Task directions: Reproduce the records below in full and word for word, excluding pictures.

Input:
######
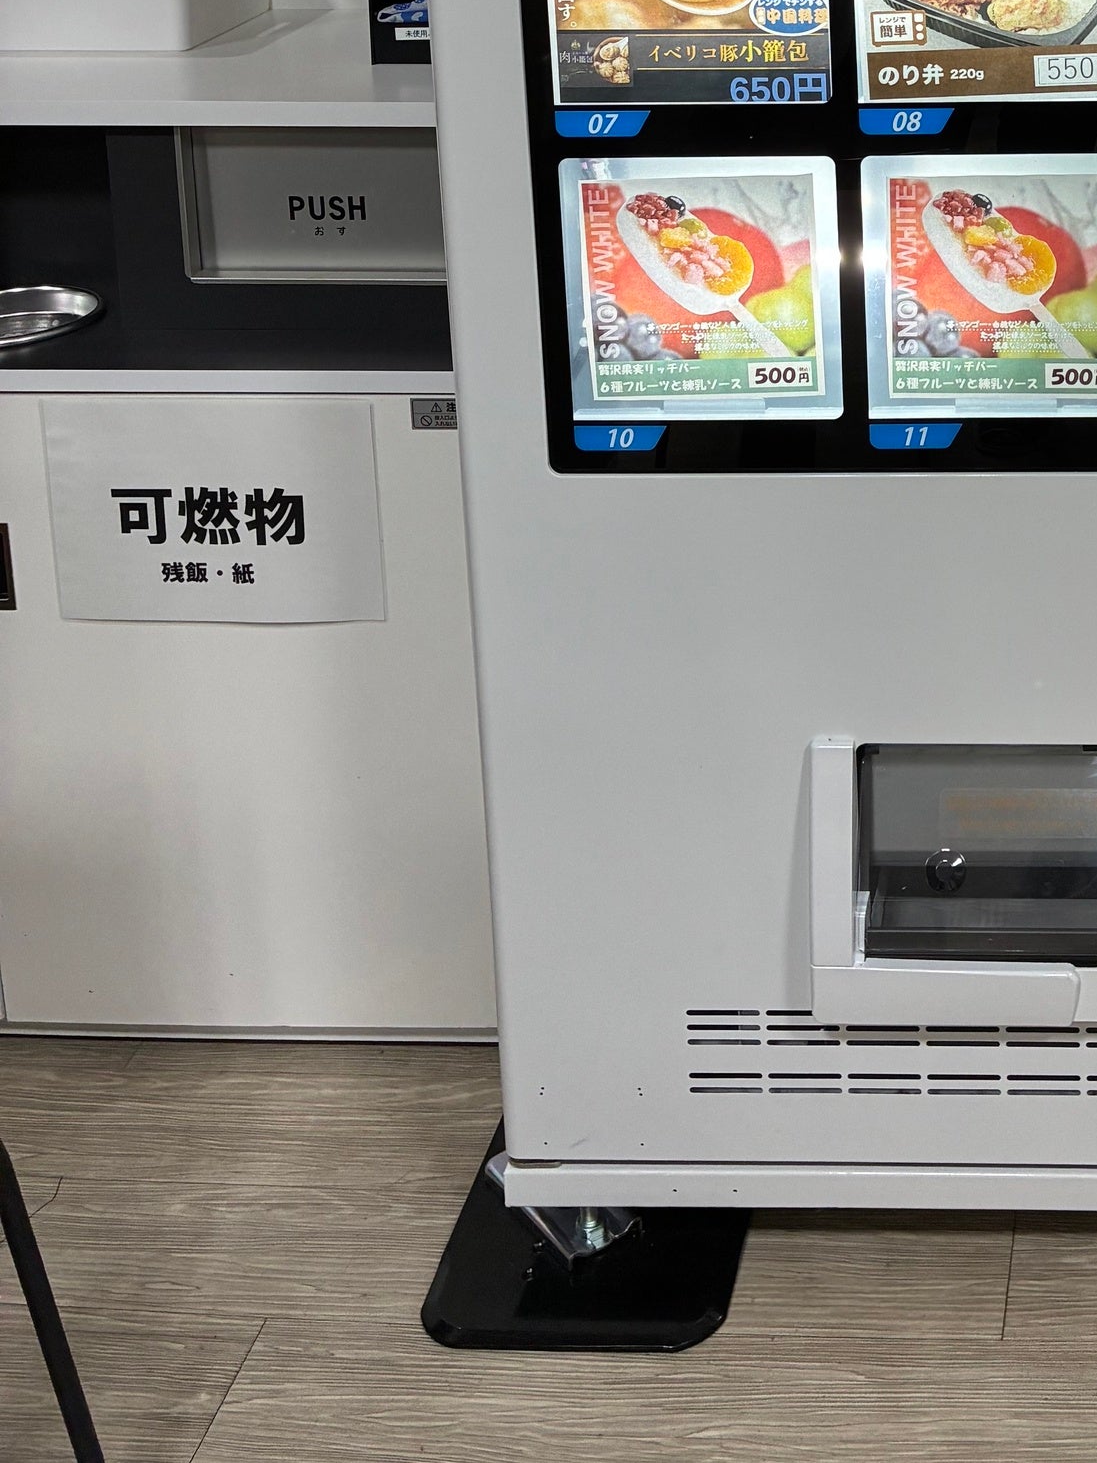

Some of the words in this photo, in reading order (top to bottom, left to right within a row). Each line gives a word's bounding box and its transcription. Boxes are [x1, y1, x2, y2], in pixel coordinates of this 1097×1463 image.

[879, 16, 906, 24] レンジで
[405, 30, 430, 38] 未使用
[880, 25, 907, 38] 簡単
[649, 39, 809, 63] イベリコ豚小籠包
[878, 65, 944, 85] のり弁
[950, 68, 984, 81] 220g
[1048, 57, 1094, 80] 550
[730, 73, 827, 102] 650円
[588, 113, 619, 134] 07
[892, 112, 922, 132] 08
[288, 195, 367, 221] PUSH
[588, 188, 617, 278] WHITE
[895, 184, 917, 268] WHITE
[596, 280, 618, 359] SNOW
[896, 279, 918, 355] SNOW
[755, 367, 795, 384] 500
[798, 372, 810, 384] 円
[1051, 368, 1092, 386] 500
[608, 428, 634, 448] 10
[904, 427, 929, 446] 11
[110, 487, 306, 545] 可燃物
[161, 561, 255, 584] 残飯・紙
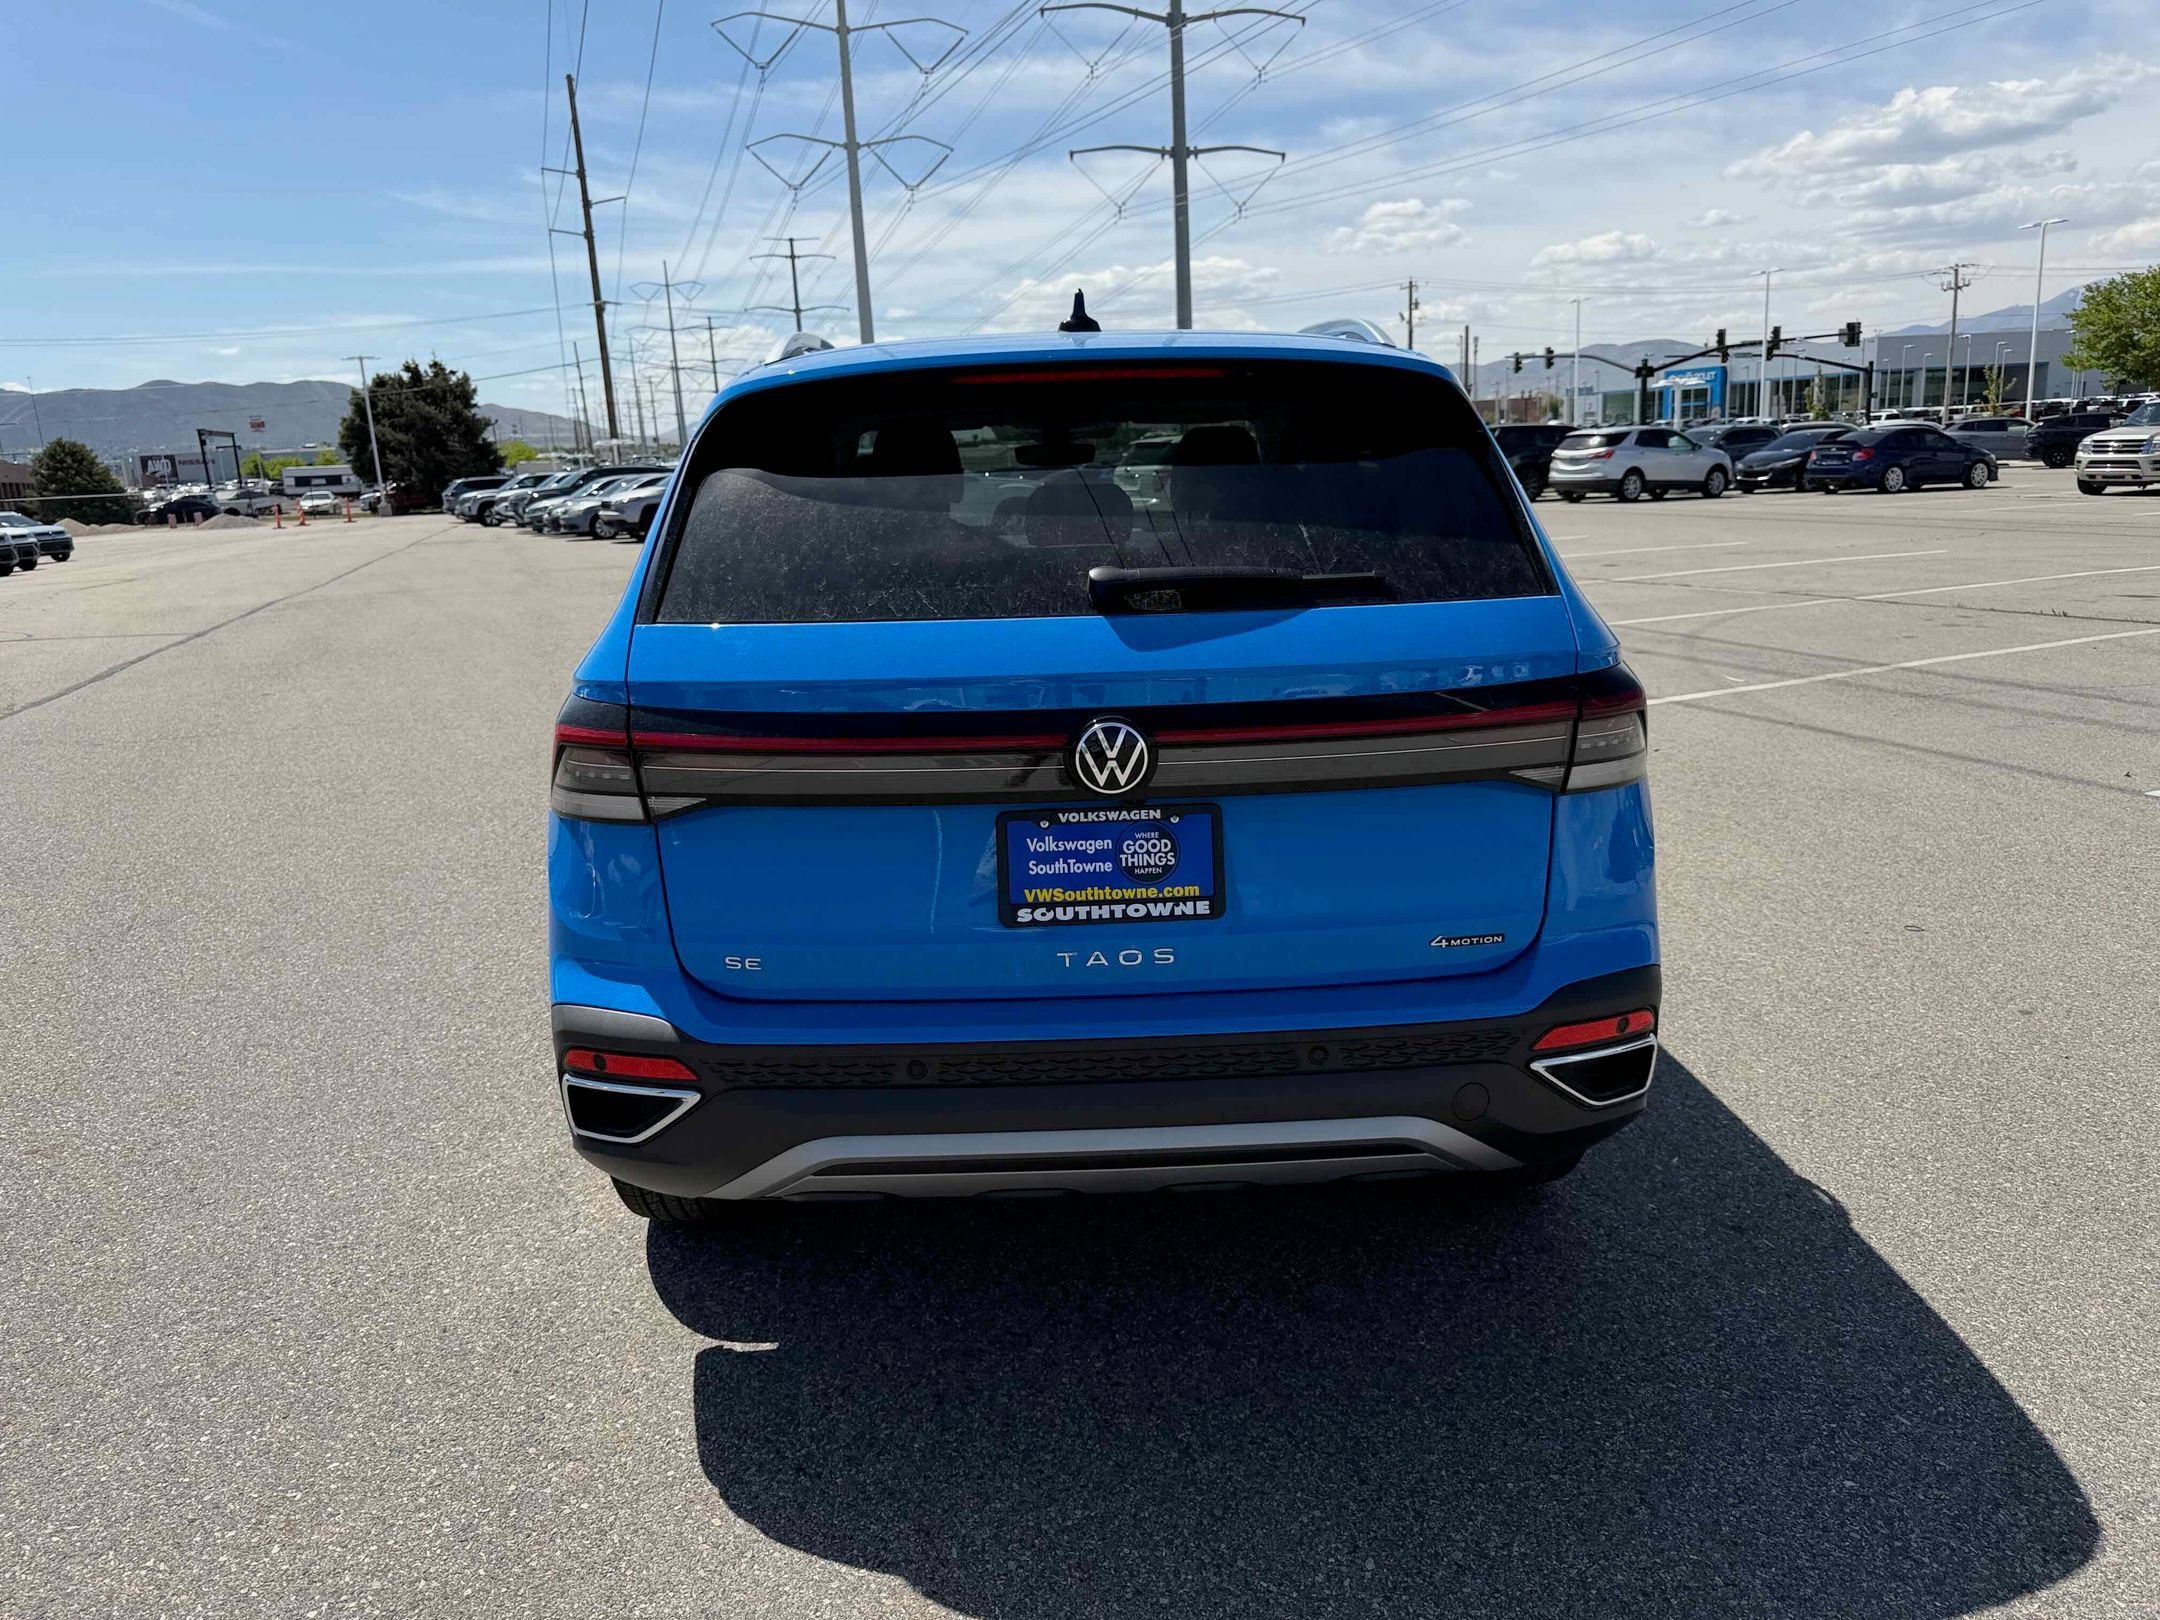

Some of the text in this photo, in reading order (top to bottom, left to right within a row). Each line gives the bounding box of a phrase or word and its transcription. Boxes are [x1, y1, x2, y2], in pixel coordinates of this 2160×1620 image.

[1058, 809, 1162, 823] VOLKSWAGEN
[1134, 831, 1160, 840] WHERE
[1026, 837, 1113, 854] Volkswagen
[1122, 839, 1172, 854] GOOD
[1028, 858, 1113, 875] SouthTowne
[1119, 852, 1176, 867] THINGS
[1134, 867, 1163, 875] HAPPEN
[1024, 885, 1200, 903] VWSouthtowne.com
[1016, 900, 1211, 923] SOUTHTOWNE
[1430, 935, 1503, 949] 4MOTION
[725, 956, 762, 971] SE
[1056, 948, 1175, 968] TAOS
######
Output for this exercise:
Some of the words in this photo, in reading order (top to bottom, left to right within a row). Each line gives a word's bounding box and its transcription. Boxes are [x1, y1, x2, y2], in pixel coordinates of this 1097×1463 image.

[879, 16, 906, 24] レンジで
[405, 30, 430, 38] 未使用
[880, 25, 907, 38] 簡単
[649, 39, 809, 63] イベリコ豚小籠包
[878, 65, 944, 85] のり弁
[950, 68, 984, 81] 220g
[1048, 57, 1094, 80] 550
[730, 73, 827, 102] 650円
[588, 113, 619, 134] 07
[892, 112, 922, 132] 08
[288, 195, 367, 221] PUSH
[588, 188, 617, 278] WHITE
[895, 184, 917, 268] WHITE
[596, 280, 618, 359] SNOW
[896, 279, 918, 355] SNOW
[755, 367, 795, 384] 500
[798, 372, 810, 384] 円
[1051, 368, 1092, 386] 500
[608, 428, 634, 448] 10
[904, 427, 929, 446] 11
[110, 487, 306, 545] 可燃物
[161, 561, 255, 584] 残飯・紙

Some of the text in this photo, in reading order (top to bottom, left to right within a row). Each line gives the bounding box of a phrase or word and its transcription. Boxes are [x1, y1, x2, y2], in pixel coordinates of this 2160×1620 image.

[1058, 809, 1162, 823] VOLKSWAGEN
[1134, 831, 1160, 840] WHERE
[1026, 837, 1113, 854] Volkswagen
[1122, 839, 1172, 854] GOOD
[1028, 858, 1113, 875] SouthTowne
[1119, 852, 1176, 867] THINGS
[1134, 867, 1163, 875] HAPPEN
[1024, 885, 1200, 903] VWSouthtowne.com
[1016, 900, 1211, 923] SOUTHTOWNE
[1430, 935, 1503, 949] 4MOTION
[725, 956, 762, 971] SE
[1056, 948, 1175, 968] TAOS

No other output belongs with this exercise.